* [WHAT YOU HAVE TO DO]: Leave every picture behind and copy the rest of the entries below exactly.

═════ DATA PROVIDED ═════

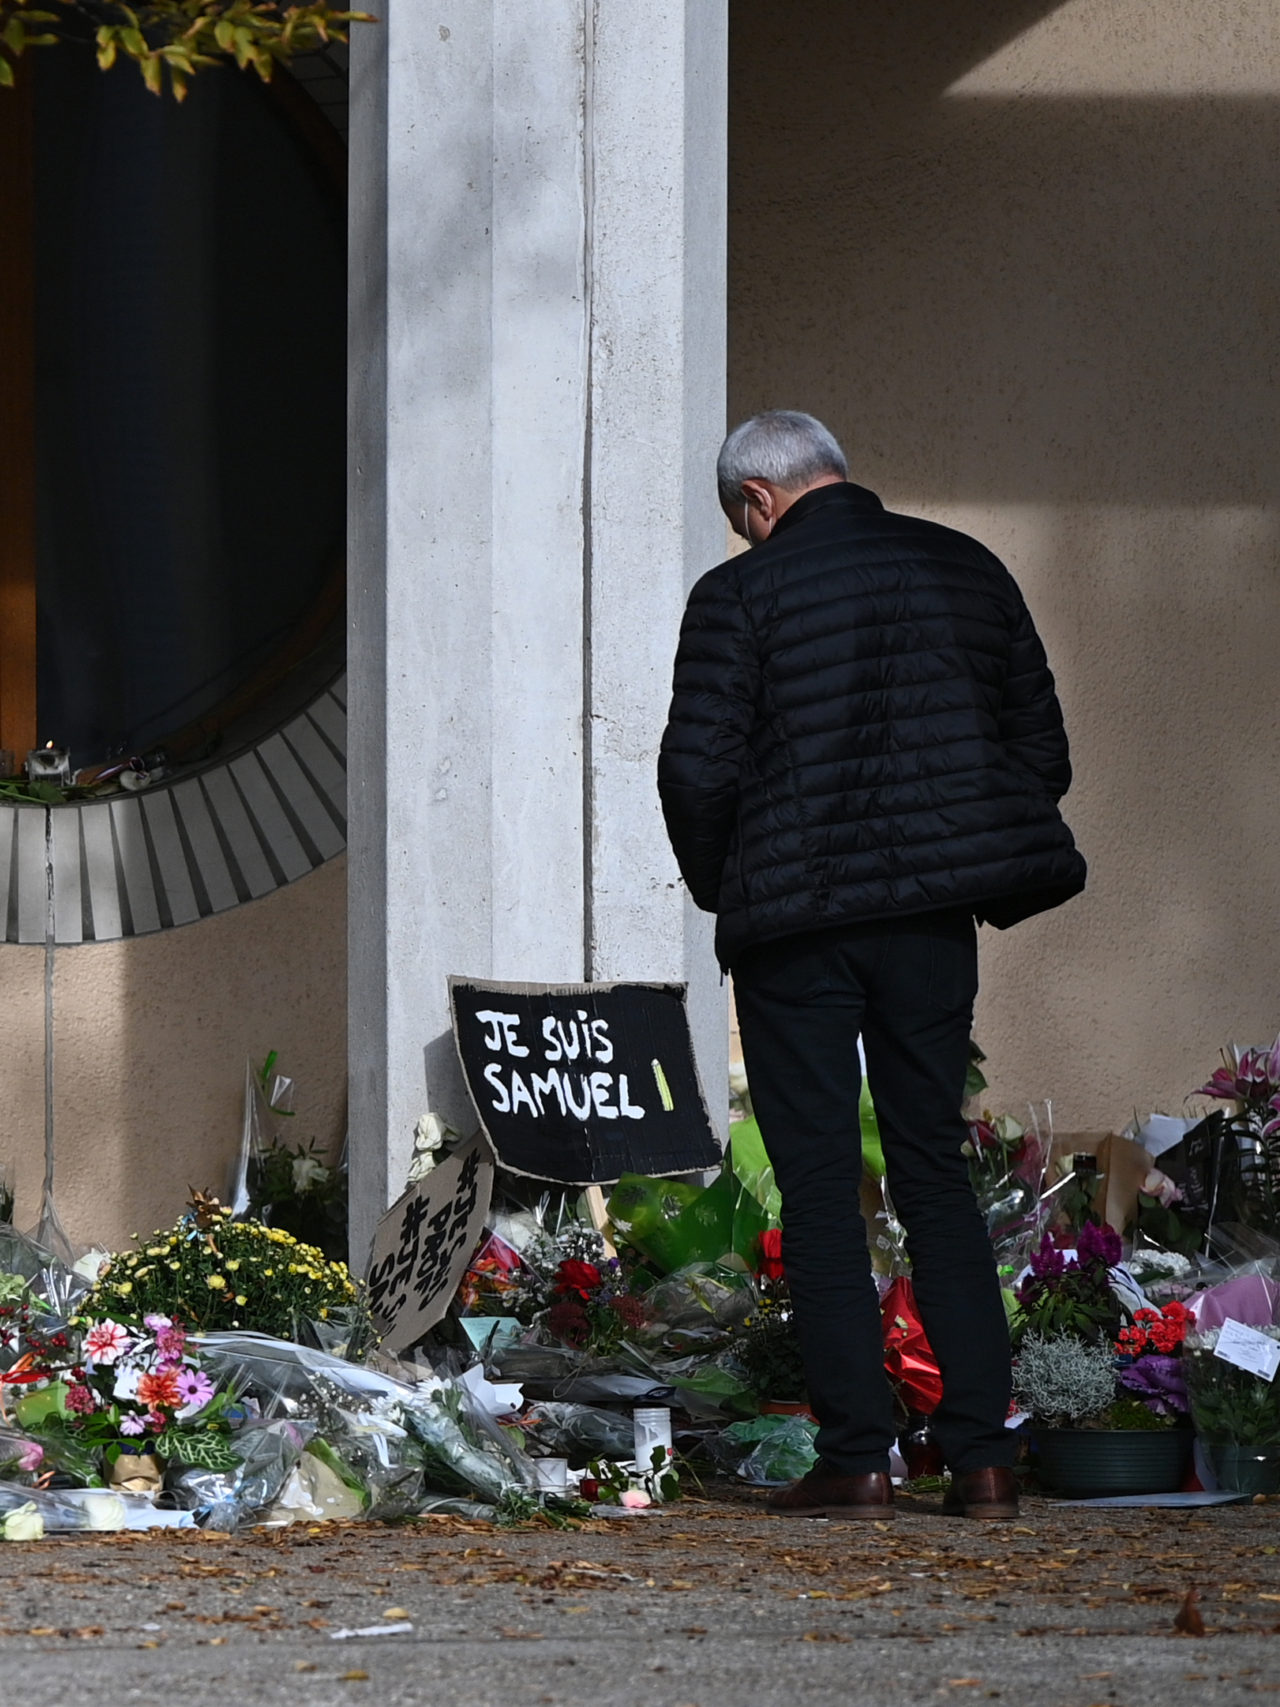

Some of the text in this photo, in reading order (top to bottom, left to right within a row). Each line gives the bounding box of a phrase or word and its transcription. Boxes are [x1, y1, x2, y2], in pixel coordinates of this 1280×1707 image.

[475, 1009, 530, 1058] JE
[483, 1062, 646, 1121] SAMUEL
[448, 1147, 481, 1242] #JE
[388, 1194, 431, 1297] #JE
[413, 1199, 454, 1296] PROF

═════

* [PROBLEM SOLUTION]:
Some of the text in this photo, in reading order (top to bottom, left to right within a row). Each line gives the bounding box of a phrase or word and its transcription. Boxes are [x1, y1, x2, y2], in pixel coordinates of this 1280×1707 image.

[475, 1009, 530, 1058] JE
[483, 1062, 646, 1121] SAMUEL
[448, 1147, 481, 1242] #JE
[388, 1194, 431, 1297] #JE
[413, 1199, 454, 1296] PROF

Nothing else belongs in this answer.